La sera prima, lui e Aziraphale avevano celebrato la Vigilia di
Natale attingendo senza ritegno a quella squisitezza che gli umani
amavano consumare durante il periodo delle festività invernali:
l'Eggnog4 .
L'angelo
seguì la direzione del suo sguardo e strinse la bocca in una linea
imbarazzata. - Forse abbiamo esagerato un po'. -
Crowley
si bagnò le labbra con un sorso di caffè prima di rispondere. -
Be', almeno posso dare la colpa all'alcool per quel sogno delirante.
-
Azraphale
gli scoccò uno sguardo incuriosito. - Quale sogno, caro? -
-
Il sogno più bizzarro che abbia mai fatto. - dichiarò il demone. -
Vuoi che te lo racconti? -
-
Mi farebbe piacere. - sorrise Aziraphale. - Mi conosci: non so
resistere a una bella storia. -
-
Dunque, - esordì Crowley, allungando le gambe e assestandosi meglio
tra i cuscini. - era il giorno di Natale, proprio come oggi, e
partecipavamo ad un pranzo. -
-
Fin qui, promette bene. - commentò l'angelo, accoccolandosi contro
il rosso e poggiando il capo sul suo petto. - E dimmi, c'erano tante
cose buone da mangiare? -
-
Oh, ce n'erano eccome! - sogghignò Crowley. - Ma non immagineresti
mai chi erano gli altri invitati. -
-
Vuoi dire che non eravamo solo noi due? -
Il
demone scoppiò in una risatina. - No, affatto. Preparati, angelo:
sarà una lunga e stranissima storia. -
Aziraphale
si accomodò meglio contro di lui, coprendo entrambi con il plaid. -
Abbiamo tutto il tempo del mondo, caro. Tutto il tempo del mondo, da
questo venticinque dicembre all'eternità. -
Note:
1
: La gravy sauce è una salsa composta da farina e dal brodo di
cottura del tacchino. Tutti i piatti nominati nella shot, compresi il
tacchino ripieno, la zuppa di zucca, le patate arrosto e i cavoletti
di Bruxelles, fanno parte del tipico pasto natalizio inglese.

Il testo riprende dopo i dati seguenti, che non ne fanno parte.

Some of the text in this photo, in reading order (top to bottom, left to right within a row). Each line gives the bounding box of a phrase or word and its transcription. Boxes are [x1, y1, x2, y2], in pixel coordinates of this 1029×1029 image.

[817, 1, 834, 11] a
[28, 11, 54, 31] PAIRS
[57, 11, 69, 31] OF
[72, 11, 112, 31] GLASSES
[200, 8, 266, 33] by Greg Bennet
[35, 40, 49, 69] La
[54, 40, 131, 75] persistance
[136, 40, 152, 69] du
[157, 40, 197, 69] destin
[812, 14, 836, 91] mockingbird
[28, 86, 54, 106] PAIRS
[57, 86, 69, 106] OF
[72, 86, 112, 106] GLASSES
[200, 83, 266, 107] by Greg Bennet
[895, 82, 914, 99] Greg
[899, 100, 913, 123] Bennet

2 : I Christmas Crackers sono dei pacchettini a forma di caramella, composti da tre cilindri di cartone. Sono generalmente disposti accanto ai piatti e quando vengono aperti provocano un piccolo botto, come dei petardi, e rilasciano stelle filanti, cappelli di carta e altri oggettini in cartone o plastica.
3 : Il Christmas Pudding e i Mince Pies sono i classici dolci di Natale in Inghilterra. Il primo ha la forma di una campana marrone decorata in cima con del vischio e suoi ingredienti principali sono farina, mandorle e frutta secca. I Mince Pies sono frollini ripieni di mandorle e marmellata di forma tonda con una stella di pasta frolla al centro.
4 : L'Eggnog è una bevanda tradizionale inglese tipica del periodo natalizio. Alcolico, dalla consistenza cremosa e dal sapore speziato, è molto simile allo zabaione.
Angolo autrice:
Per
prima cosa, mi scuso per i molti nonsense presenti nella storia,
improntata, come avrete senz'altro capito, alla comicità e
all'assurdo. Non fatevi domande su alcuni dettagli come chi abbia
servito le portate, dove si sia svolto il pranzo o per quale motivo i
tredici personaggi si siano ritrovati tutti insieme a festeggiare il
Natale, perché io per prima non ci ho assolutamente pensato e non
saprei darvi risposte. Non ho fatto altro che lasciarmi trascinare
dal vortice di follia che mi ha portata a partorire questa OS:
probabilmente la storia più scema che abbia mai scritto in vita mia.
In
tutto questo caos, ho cercato comunque di tenermi il più fedele
possibile all'IC di tutti, anche se non sono certa di esserci
riuscita (specialmente per quanto riguarda Anathema).
La
speranza è, ovviamente, quella di avervi fatto fare quattro risate
natalizie.
Auguri
a tutti e che i vostri pranzi e cene in compagnia possano essere un
po' più tranquilli di quello narrato sopra. ;)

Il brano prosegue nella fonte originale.